Like so much of du Maurier’s work, The Birds is a wicked jolt to gentle sensibilities. Published in The Guardian in 2007 (celebrating the centenary of the author’s birth), Kate Kellaway wrote: “Du Maurier was mistress of calculated irresolution. She did not want to put her readers' minds at rest. She wanted her riddles to persist. She wanted the novels to continue to haunt us beyond their endings.”

That is the perfect description of du Maurier at her best, and also the effect of her 1952 short story The Birds. Like many millions, especially Brits, du Maurier’s younger life was overshadowed by WW2 and the uncertain years leading to its outbreak. The massed gulls and starlings of the story’s title are a powerful metaphor for what happened in Europe, then around the world. The growing menace of their gatherings, their increasingly overt hostility and eventual deadly violence are as unnerving as could be imagined without actually dressing the little feathered fuckers in Wehrmacht uniforms.
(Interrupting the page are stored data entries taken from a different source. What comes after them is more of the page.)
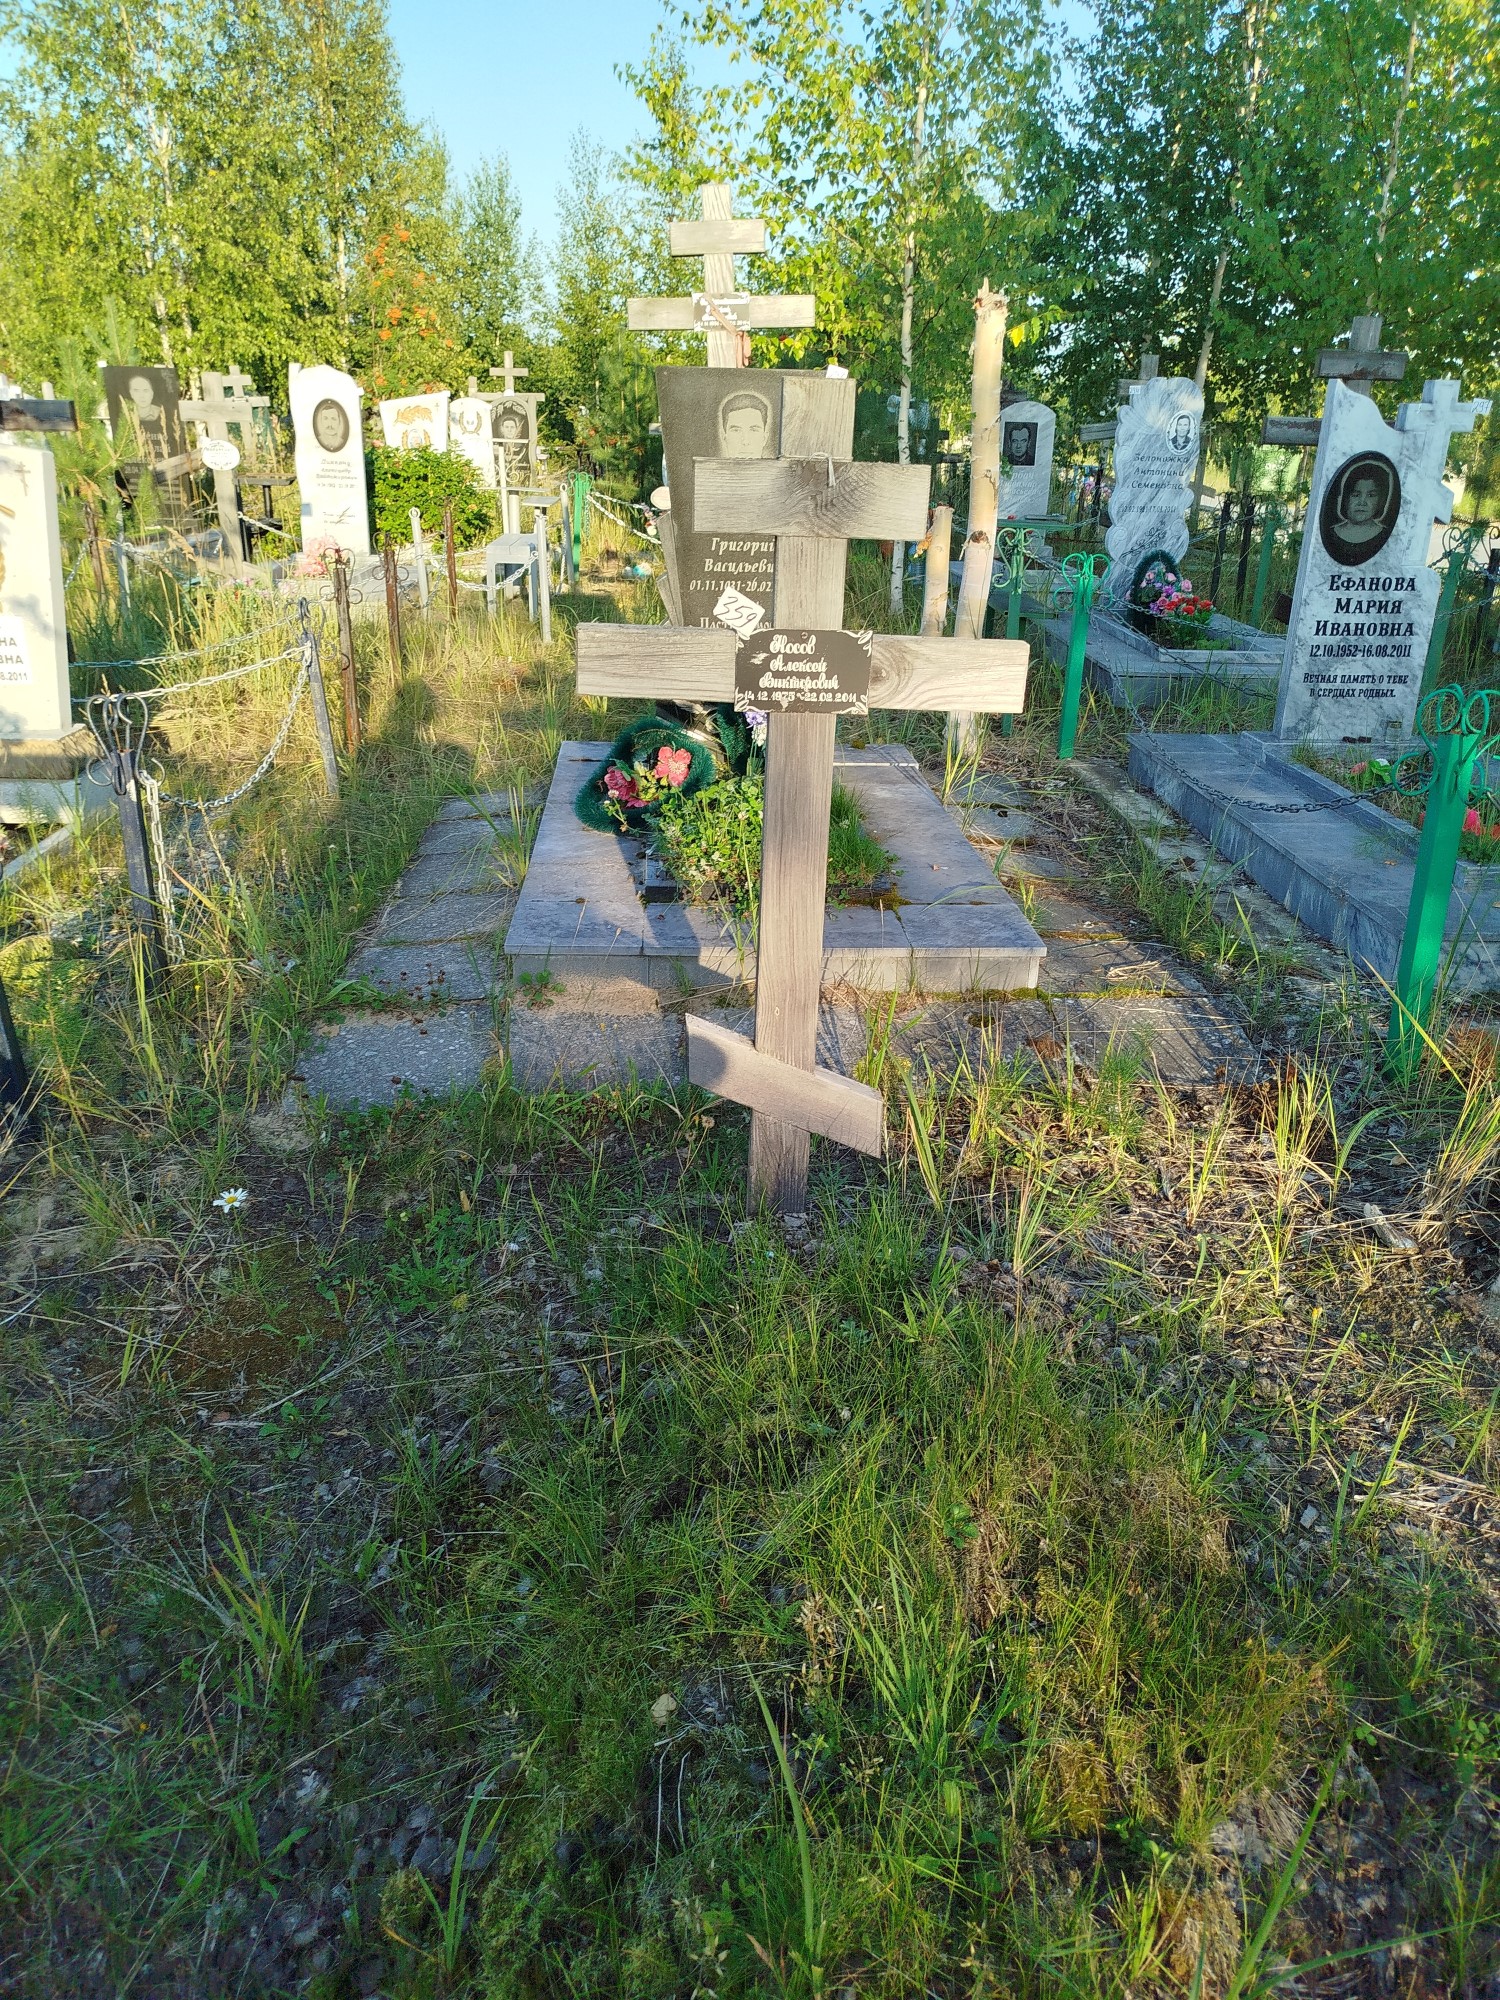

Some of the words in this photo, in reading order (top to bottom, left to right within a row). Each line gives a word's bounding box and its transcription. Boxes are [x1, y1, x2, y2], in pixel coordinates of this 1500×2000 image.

[1333, 597, 1404, 614] МАРИЯ
[1313, 620, 1415, 637] ИВАНОВНА
[769, 634, 817, 655] Носов
[1309, 644, 1412, 658] 12.10.1952-16.08.2011
[769, 654, 828, 673] Алексей
[758, 671, 840, 692] Викторович
Although Trump’s catastrophic antics of 2026 weren’t even a stye in the eye of the farsighted in 2024 when Fox and director Matthew Lutton conceived the adaptation, the parallels – same same but different – are obvious. Who could blame birds or any other living creature for feeling murderous towards humans? We are destroying their habitats and futures on a scale and speed never known before.

THE BIRDS

Arundell’s protagonist, Tessa, has moved to her Australian townlet to escape the city’s pollution, but you can be sure surrounding farms are awash with pesticides and so-called fertilisers. The beach she loves must be augmented by an uncountable amount of microplastics, while her family is probably ingesting 240,000 particles per litre in their bottled drinking water. And any minute, her patch of ocean will be spewing Karenia algae and dead sea life. Happy days.

Meanwhile, back at Belvoir, these potential and likely horrors are for later consideration as one’s insides contract with anticipation and fright. All caused, not by graphic depictions of the above barbarism, but by sound and light and performance. Arundell is ostensibly alone on stage, but is actually playing in close and seamless harmony with lighting (Niklas Pajanti), sound and music (J David Franzke), and setting (Kat Chan). Although she is telling us a gripping story, there is also plenty of action with a treadmill in place of a more conventional revolve. At the same time, the minimal dark sketch of habitation leaves a good amount to the imagination.

The Birds is clearly an intelligent and beautifully developed team effort from Lutton & Co, but it’s Paula Arundell whose life is on the line each night, and she is mesmerising. She goes from puzzled, to irritated, to vulnerable and frightened, to defiantly, indomitably powerful. There’s not a hint of melodrama, so the phantasmagorical central premise becomes all too likely in this time of the unbelievable and the unimaginable. Set aside the movie and the short story: this is the real thing all of its own.